Yep, that is the animal. In cardiac mode, 800Kg rotating at 2.85 RPS. And yes, it does take images at that speed so that it can do an effective stop image of the heart (64 slices and newer units will do up to 256 slices). The image acquisition is timed to the ECG trigger from the patient. The latest Siemens is even faster. Different exams require different speeds, dose and slice thicknesses. Started these last year after a few years of angiography systems for cardiac and neuro applications. Since they are old enough for the bathtub curve to start rising again, they have provided me much experience in the last year and change. Big accurate motorized positioners, voltage and tube current regulation, the works. And lots of watchdog timers overseeing the functions. I rarely run the thing at higher speeds with the cover off, but have a time or two.
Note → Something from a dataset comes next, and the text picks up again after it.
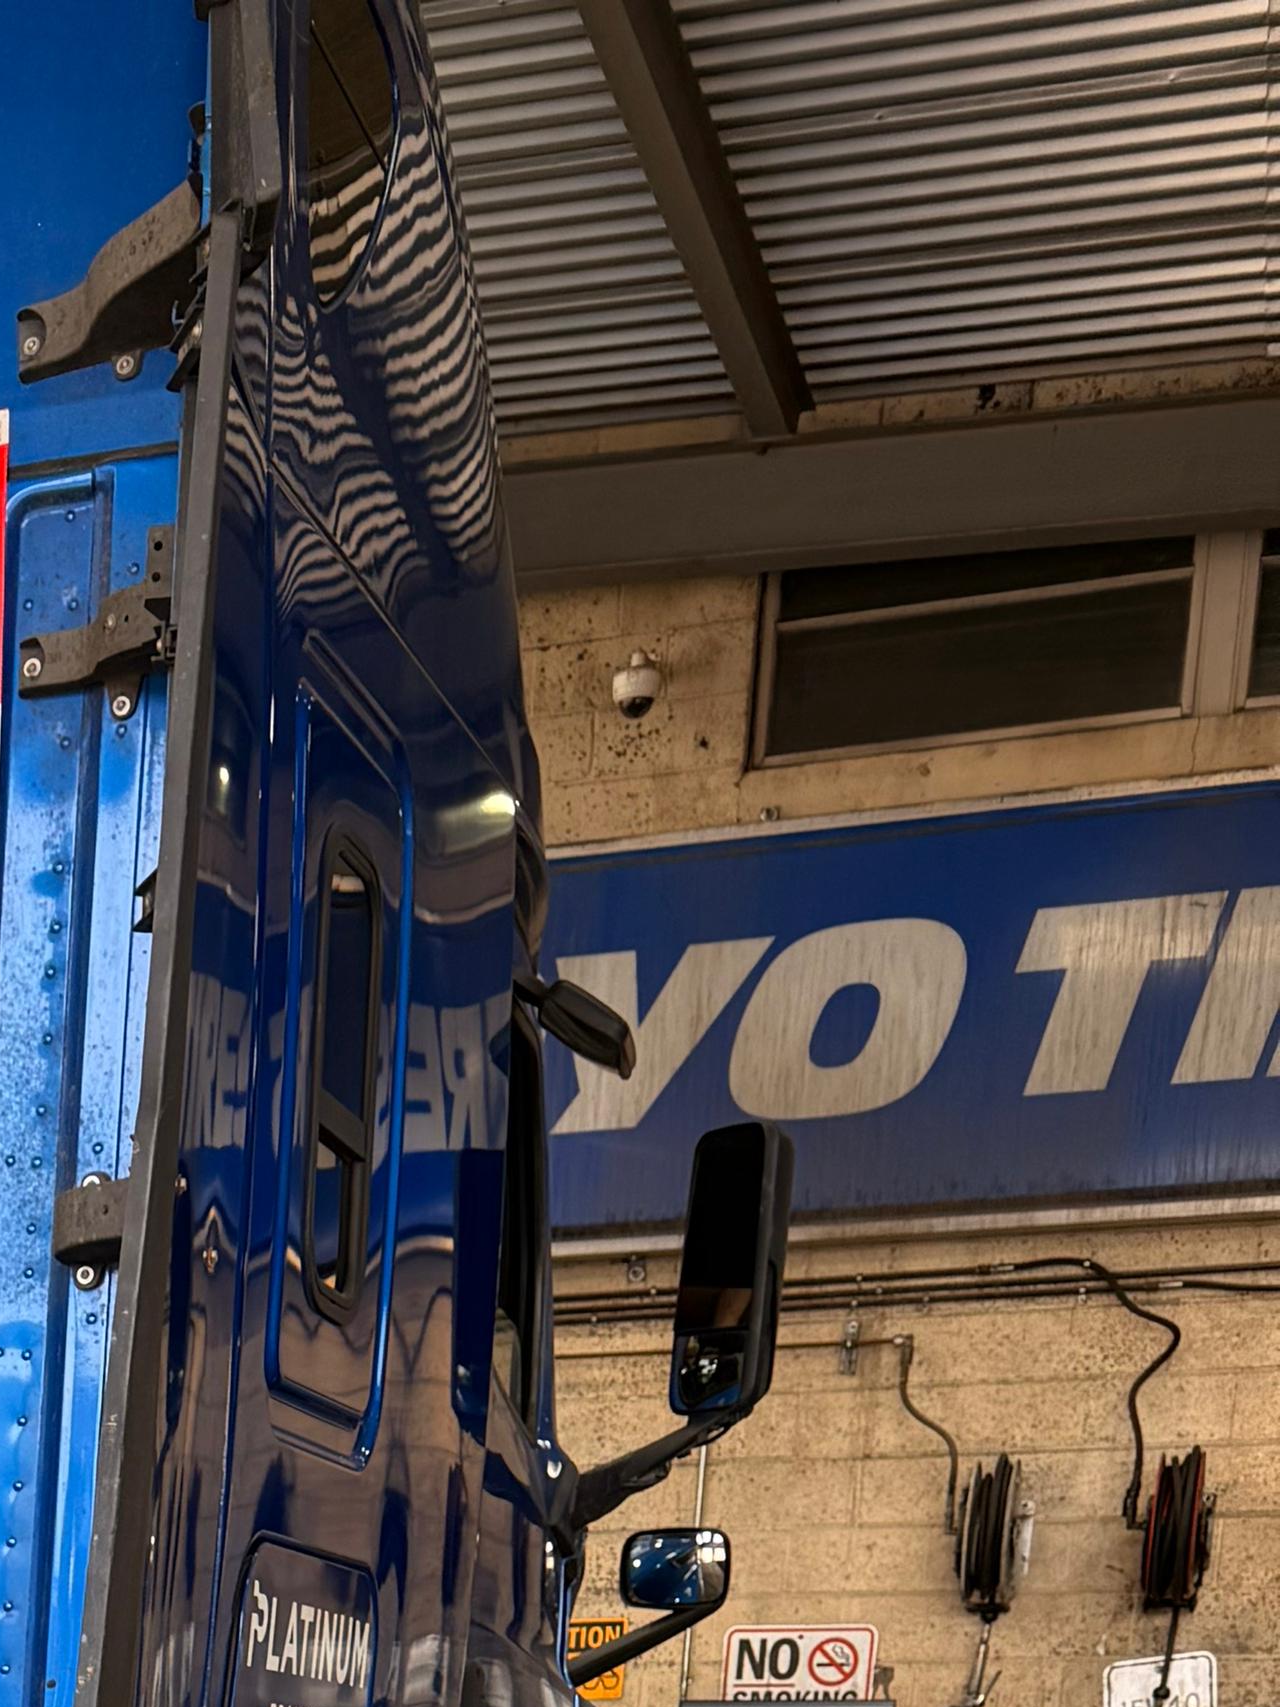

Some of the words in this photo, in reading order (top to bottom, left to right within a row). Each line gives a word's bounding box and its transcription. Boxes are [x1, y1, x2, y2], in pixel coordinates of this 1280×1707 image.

Interesting about the Searle connection. That may be what must have become Siemens Gammasonics. Gammasonics was the company that made the earlier cardiac image. processing system, the Digitron and HICOR. Still have one HICOR running. In-house service engineer, I get to lay on all the OEMs stuff.
As to monitoring a cog, I called writing to a HUB ram location "grey" because if I did it that way, I would have to use a known good value to say the cog was functioning and say a non-zero value containing error information giving status. Of course if zero was last written and then the hub goes off the rails, so goes reliability. a single pin can be go/nogo. but again if the last write to the pin....... So there is always a possibility of failure even with hardware. Missing pulse is good in that it doesn't care whether the pin was high or low, but only that it changes. I guess that should provide the best reliability. But that's why we have risk analysis.
Your mention of monitoring internet connectivity was good for a flashback. Used to use big brother open source version for that and other things. Now they want big bucks for the thing........
Taking images at that speed is pretty impressive, but then again xray imaging is inherently faster than nuclear, where you have to take the time to accumulate enough decay events to produce an image.
Searle bought Nuclear Chicago, and I think the intention was to tie the sale of equipment at reduced prices to contracts for purchasing the diagnostic kits. After a few years the management looked at the profit margins for instruments (~30%) vs pharmaceuticals (~100-200%) and decided to get rid of the instrumentation business. The analytic division was sold to Tracor Instruments and the nuclear imaging to Siemens. Typical behavior for pharmaceutical companies.
As far as monitoring cogs, processes, and computers, there is no perfect 100% reliable method to do so at this time. The best we can do is try to cover as many bases as possible.